It is us against them. Speaking at a think-tank in Washington last Wednesday, US Secretary of State Rex Tillerson outlined the basics of President Donald Trump’s strategy for the Indian Ocean region. The top US diplomat bluntly said the United States had to team up with India in the face of China’s attempt to subvert the rules-based global order.
Tillerson’s words came ahead of his upcoming visit to Delhi, and elicited a bitter response from Beijing.
Defense ties between the US superpower and the Indian giant started improving more than a decade ago, at the time of George W Bush’s presidency, and got a boost under the tenure of his successor, Barack Obama. The question is whether conditions are ripe for a strategic partnership – or quasi-alliance – between Washington and New Delhi.

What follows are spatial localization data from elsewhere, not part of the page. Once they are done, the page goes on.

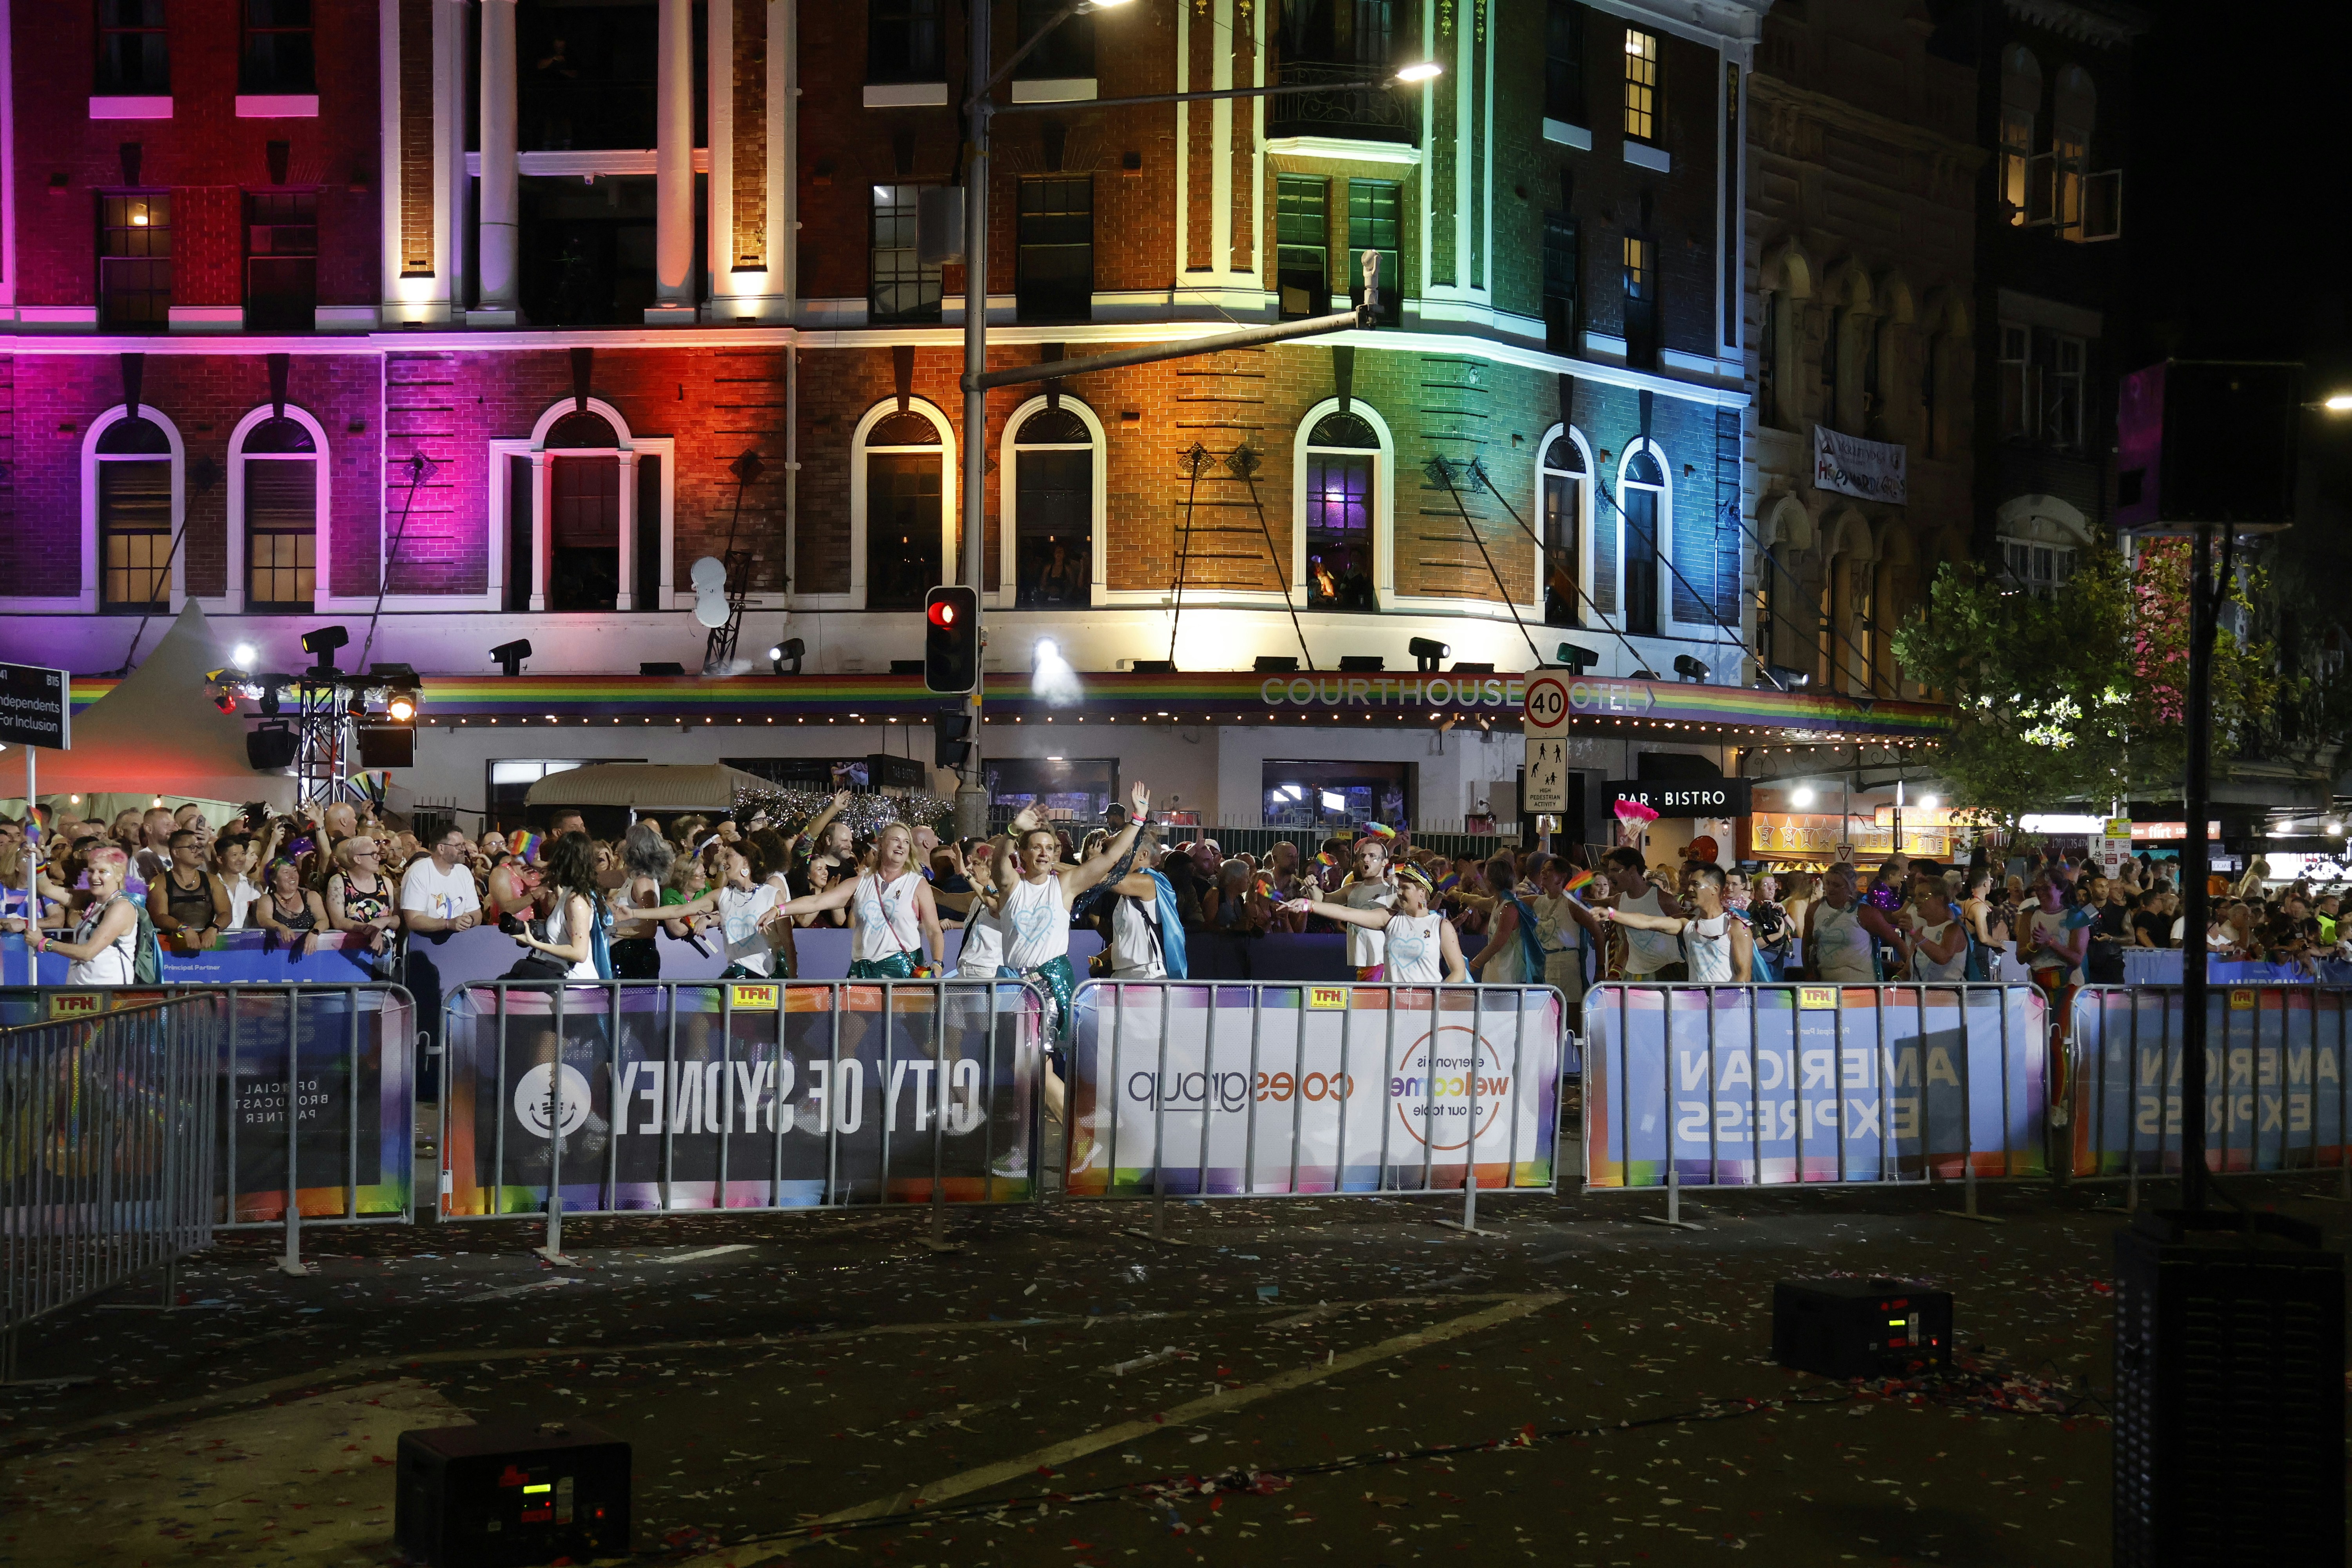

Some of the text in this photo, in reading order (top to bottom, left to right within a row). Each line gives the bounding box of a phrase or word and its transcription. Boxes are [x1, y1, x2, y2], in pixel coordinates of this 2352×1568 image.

[46, 675, 60, 687] B15
[1261, 678, 1637, 711] COURTHOUSE OTEL
[0, 693, 60, 713] ndependents
[1532, 692, 1561, 713] 40
[16, 715, 58, 733] Inclusion
[1665, 791, 1725, 806] BISTRO
[1904, 815, 1933, 823] TAR
[1762, 826, 1769, 841] 5
[1784, 826, 1844, 843] STAR
[1858, 826, 1911, 848] KEBB
[2148, 824, 2172, 838] flirt
[1917, 837, 1943, 853] PIDE
[738, 987, 769, 1000] TFH
[1315, 990, 1340, 1002] TFH
[1805, 990, 1829, 1001] TFH
[56, 997, 93, 1010] TFH

A recent piece in China Military, the English-language news website of the People’s Liberation Army, argues that the US-Indian relationship is actually quite fragile. The current security dialogue between the US and India revolves around their common opposition to China’s rise in the Indo-Pacific region and New Delhi’s arms acquisitions from US defense contractors, the article’s authors explain. However, despite the increasing level of military cooperation between the US and India, they say the two countries have “different aims” in South Asia.
Indeed, while Washington wants to sell its weapons to a dynamic regional power like India, and is not interested in technology transfer, New Delhi aims to ramp up its indigenous defense industry and make itself independent of costly arms purchases from abroad – be it from the US, Russia or others. Furthermore, Washington’s desire to maintain its strategic clout across the Indian Ocean would clash with New Delhi’s objective to assert its naval power in that region.

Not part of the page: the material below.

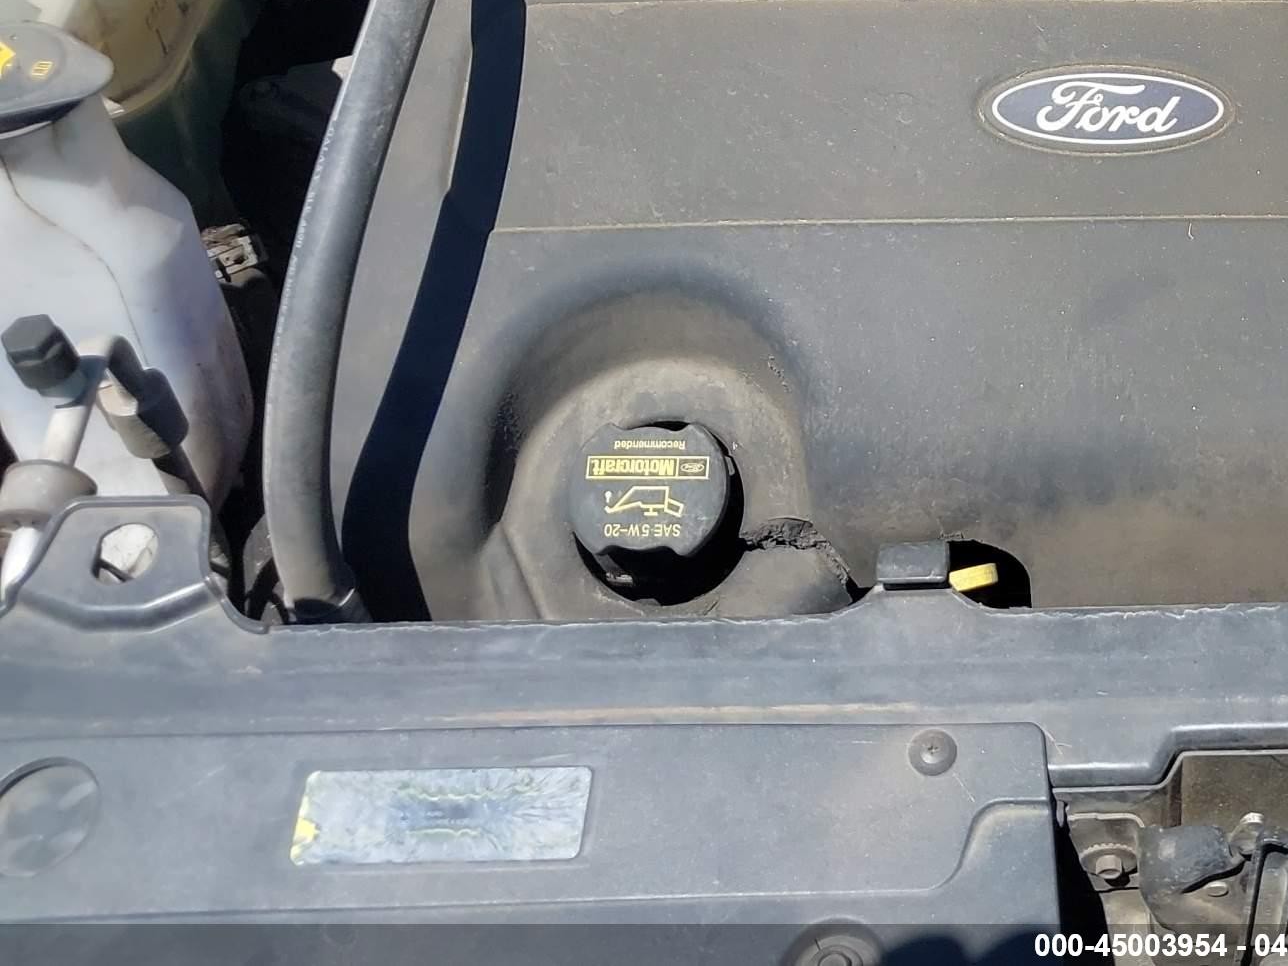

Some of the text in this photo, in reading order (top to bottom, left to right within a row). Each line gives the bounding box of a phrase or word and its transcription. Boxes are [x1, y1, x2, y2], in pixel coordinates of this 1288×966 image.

[1036, 80, 1181, 133] Ford
[613, 439, 687, 450] Recommended
[591, 458, 675, 476] Motorcraft
[654, 523, 682, 537] SAE

The first objection does not take into account Washington’s overtures to the Indian government. In September, during his trip to India, US Defense Secretary James Mattis pointed out that his country was ready to share its most advanced military technology with New Delhi through the Defense Technology and Trade Initiative.
As well, it is certainly true that India aspires to become a regional power in the Indo-Pacific space. New Delhi’s growing defense spending (US$55.6 billion in 2016) indicates that it is moving in that direction. Yet there are rising doubts that the Indian government has the financial resources to try to bridge the military gap – especially as far as naval warfare is concerned – with China.

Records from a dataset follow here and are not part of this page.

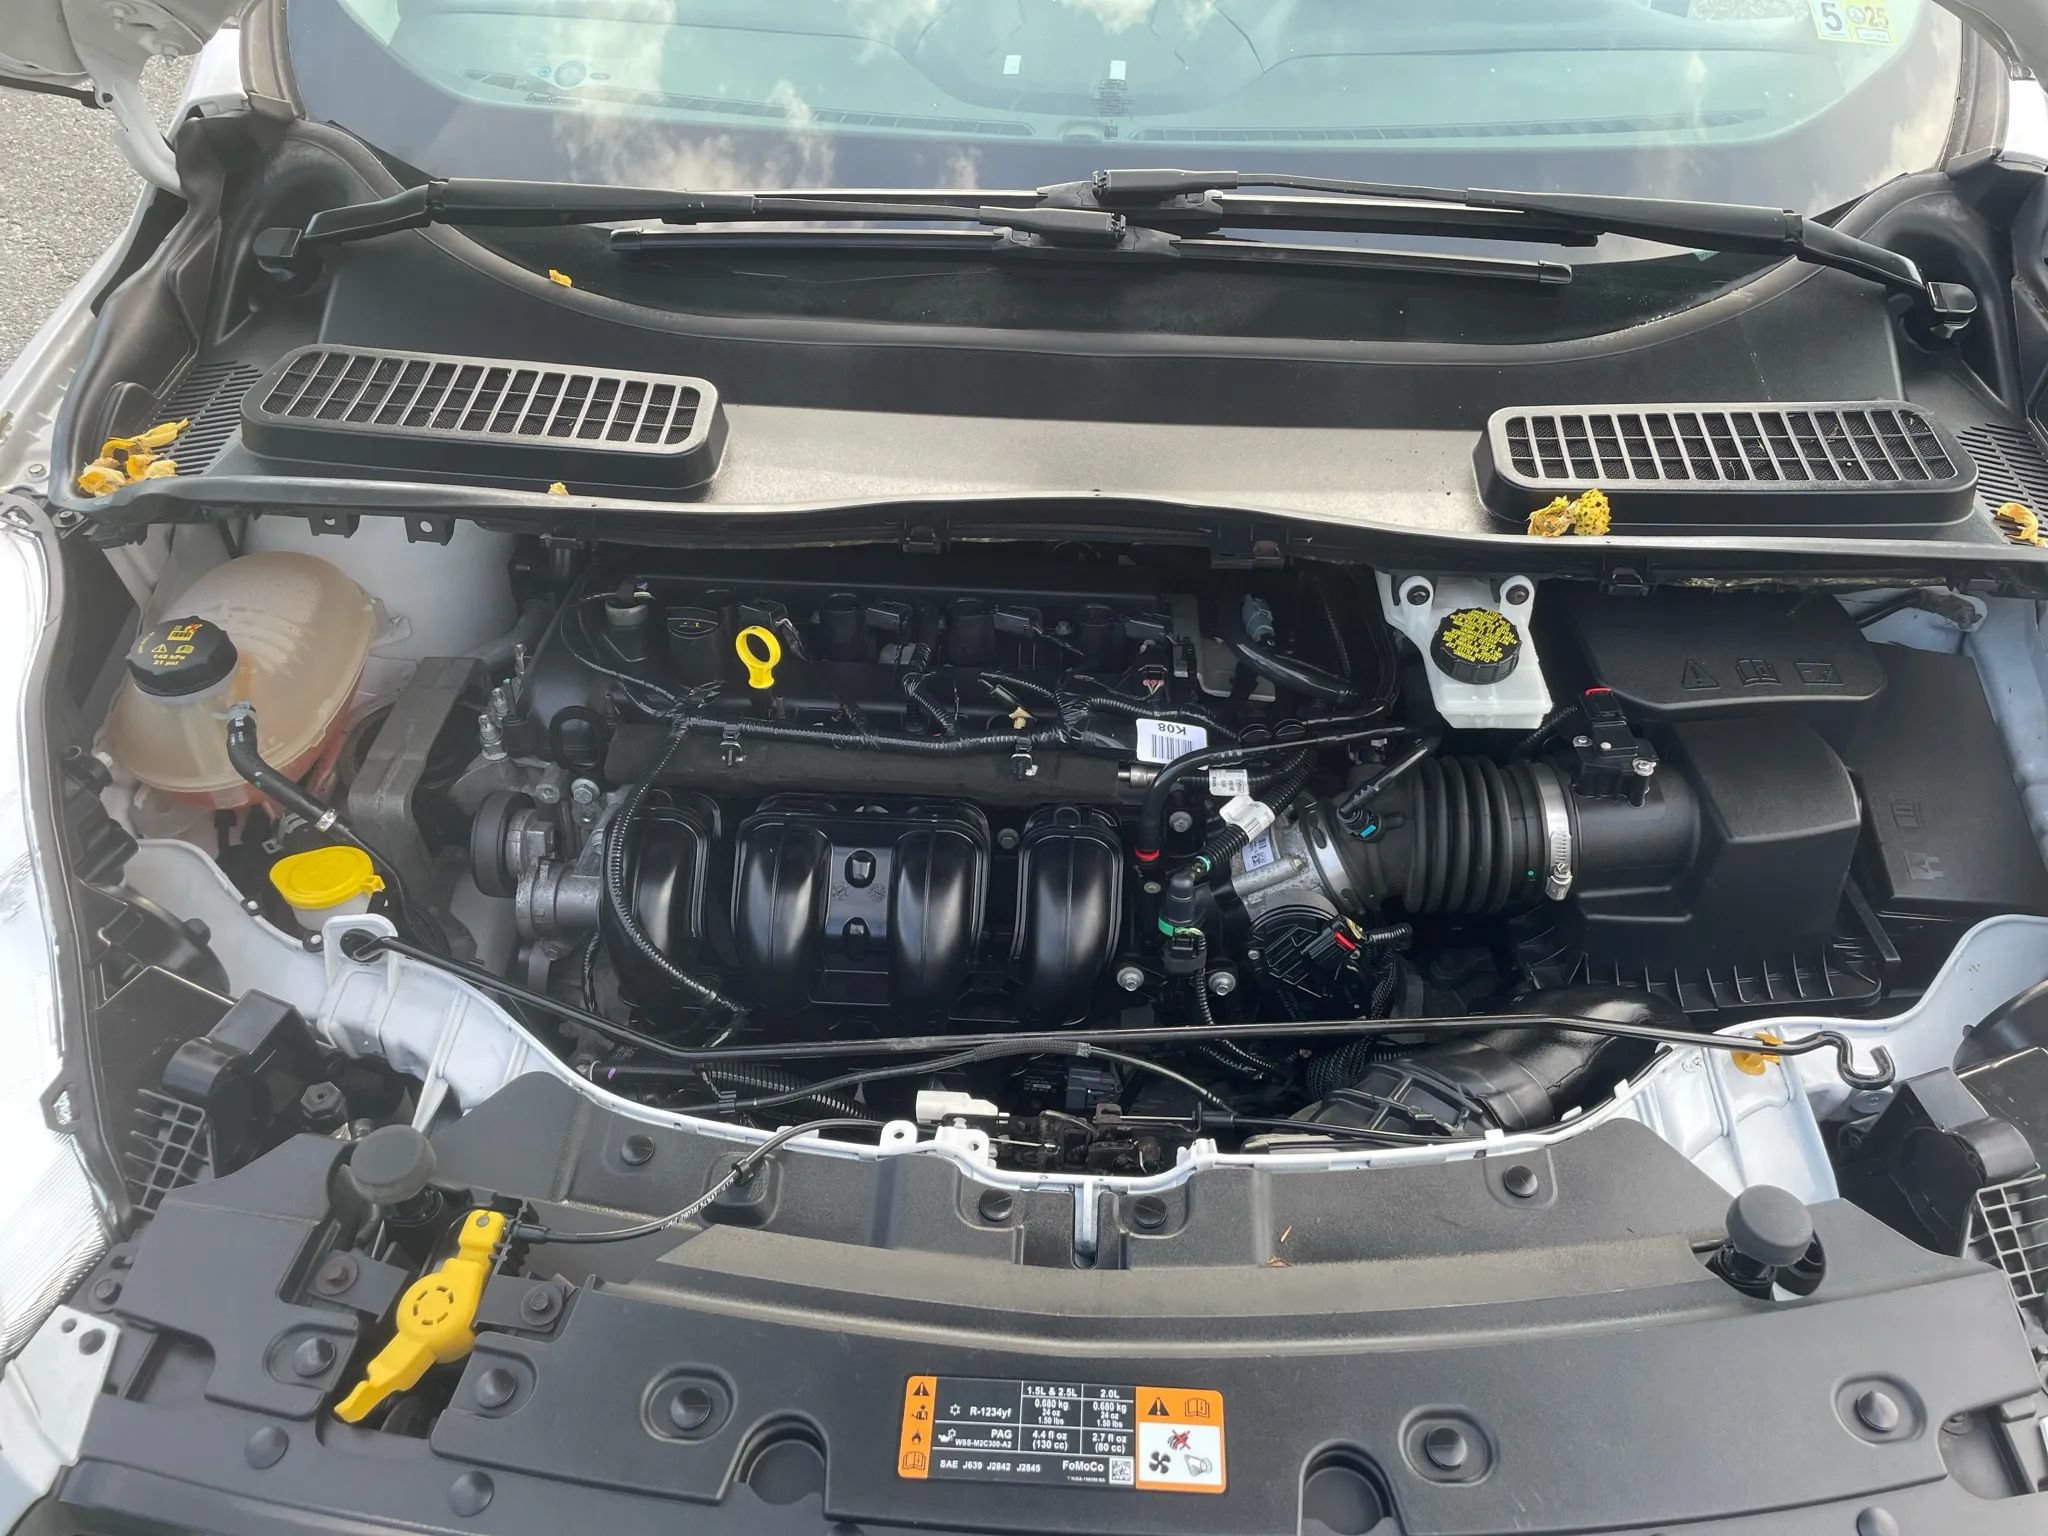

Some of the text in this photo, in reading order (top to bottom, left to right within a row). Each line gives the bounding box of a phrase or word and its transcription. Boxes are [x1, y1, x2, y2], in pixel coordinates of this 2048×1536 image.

[1820, 2, 1889, 31] 5 25
[1158, 722, 1187, 736] K08
[1027, 1385, 1078, 1397] 1.5L & 2.5L
[1100, 1389, 1120, 1399] 2.0L
[1034, 1398, 1069, 1411] 0.680 kg
[1093, 1401, 1128, 1415] 0.680 kg
[969, 1405, 1013, 1420] R-1234yf
[1042, 1408, 1061, 1417] 24 oz
[1100, 1411, 1120, 1421] 24 oz
[1038, 1416, 1065, 1426] 1.50 lbs
[1096, 1418, 1124, 1429] 1.50 lbs
[990, 1428, 1013, 1440] PAG
[1032, 1429, 1068, 1441] 4.4 fl oz
[1092, 1432, 1127, 1444] 2.7 fl oz
[1032, 1439, 1069, 1452] (130 cc)
[1094, 1442, 1126, 1455] (80 cc)
[939, 1459, 1041, 1473] SAE J639 J2842 J2845
[1062, 1460, 1105, 1472] FoMoCo

On the other hand, the US cannot deploy many forces in the vast Indian Ocean region at a time when its military is already overstretched. Washington is heavily engaged in the Pacific Rim to try to contain China’s military projection and North Korea’s nuclear challenge; it is beefing up its presence in Eastern and Northern Europe to protect its allies against a potential threat from a resurgent Russia, and has troops in Afghanistan, “Syraq” and Africa’s Sahel combating radical Islamist organizations.
Codifying the US-Indian partnership
The US Senate and House of Representatives are negotiating a final version of the National Defense Authorization Act (NDAA) for 2018. The current formulation provides for advancements in defense cooperation with India. US lawmakers are calling on the Trump administration to explore the feasibility of joint exercises, operations and patrols, mutual port calls, military exchanges, coordinated defense planning and interoperability with India’s armed forces.
According to congressmen on Capitol Hill, the US-Indian military interaction is facilitated by Washington’s recognition of the Asian country as a “major defense partner”, which has elevated India to a level equivalent to those of America’s closest allies and partners. And this goes for the improvement of joint capabilities, as well as for defense trade and technology sharing between the two countries.
The Indian government has hailed Tillerson’s remarks as a “significant policy statement”, even though it has cautiously avoided any reference to China. India has always pursued a multi-vector foreign policy, trying to strike a balance between different world and regional actors. But the strategic challenge coming from Beijing could push New Delhi to end this praxis and side with Washington.
After all, the United States and India could compensate for each other’s strategic weaknesses. And this complementary US-Indian partnership could also be extended to Japan and Australia if Beijing were to expand its global reach in the middle term, as suggested last Wednesday by President Xi Jinping at the 19th Congress of the Communist Party of China.
The NDAA for next year authorizes security assistance for the Baltic states and, more generally, supports the European Deterrence Initiative to deter perceived Russian aggression. If one day Washington’s military budget bill includes an explicit reference to the US-Indian deterrence against China in the Indo-Pacific region, then the bar for defense cooperation between the two countries will definitely be raised.